--- WHAT TO WORK ON ---
Up to and including the final line, retype each line of the records below, starting with the one that contains "this 1344×1512 image.".

--- GIVEN RECORDS ---

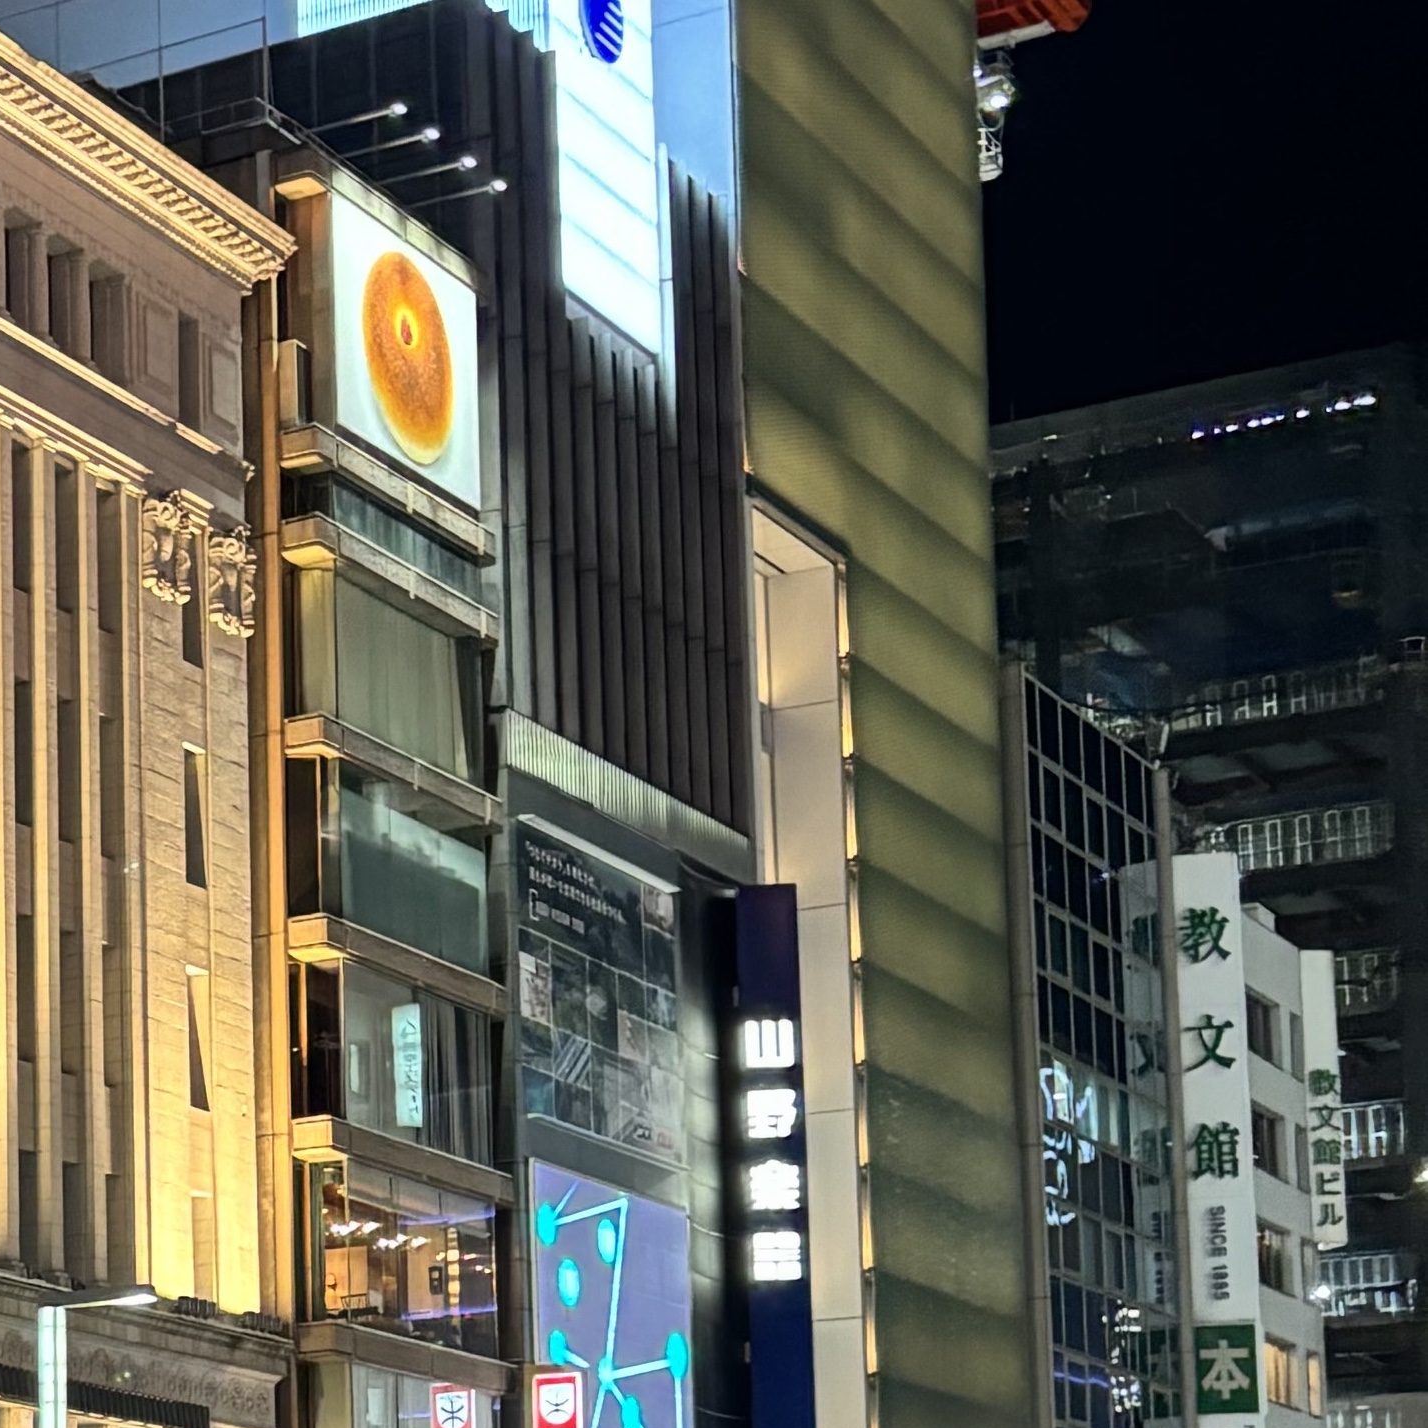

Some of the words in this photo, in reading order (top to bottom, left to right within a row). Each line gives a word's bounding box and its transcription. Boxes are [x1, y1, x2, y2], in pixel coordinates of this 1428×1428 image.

[1179, 906, 1239, 1181] 教文館
[1308, 1068, 1344, 1227] 教文館ビル
[1206, 1205, 1228, 1258] SINCE
[1199, 1339, 1250, 1400] 本
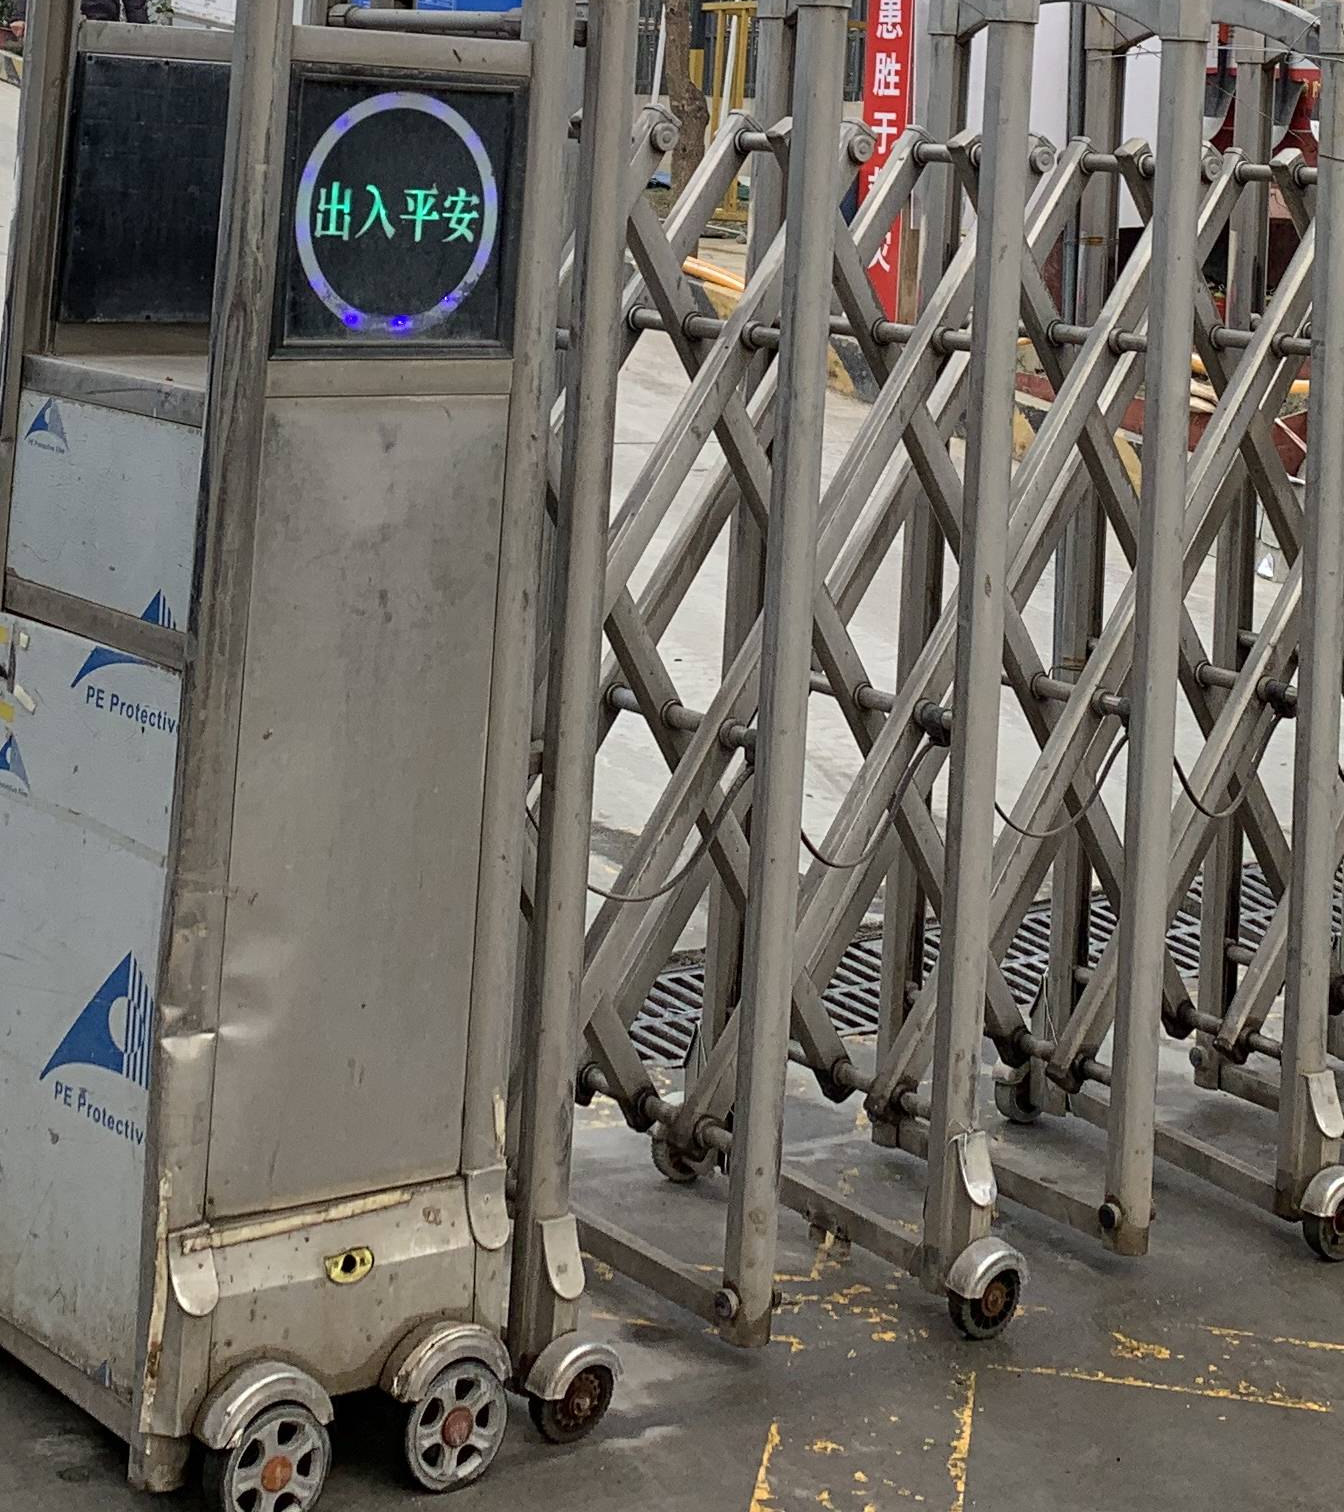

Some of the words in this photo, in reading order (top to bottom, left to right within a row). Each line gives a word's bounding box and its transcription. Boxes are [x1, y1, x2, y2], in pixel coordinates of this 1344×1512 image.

[314, 181, 480, 242] 出入平安
[86, 685, 105, 709] PE
[54, 1081, 72, 1108] PE

--- ANSWER SECTION ---
Some of the words in this photo, in reading order (top to bottom, left to right within a row). Each line gives a word's bounding box and its transcription. Boxes are [x1, y1, x2, y2], in pixel coordinates of this 1344×1512 image.

[314, 181, 480, 242] 出入平安
[86, 685, 105, 709] PE
[54, 1081, 72, 1108] PE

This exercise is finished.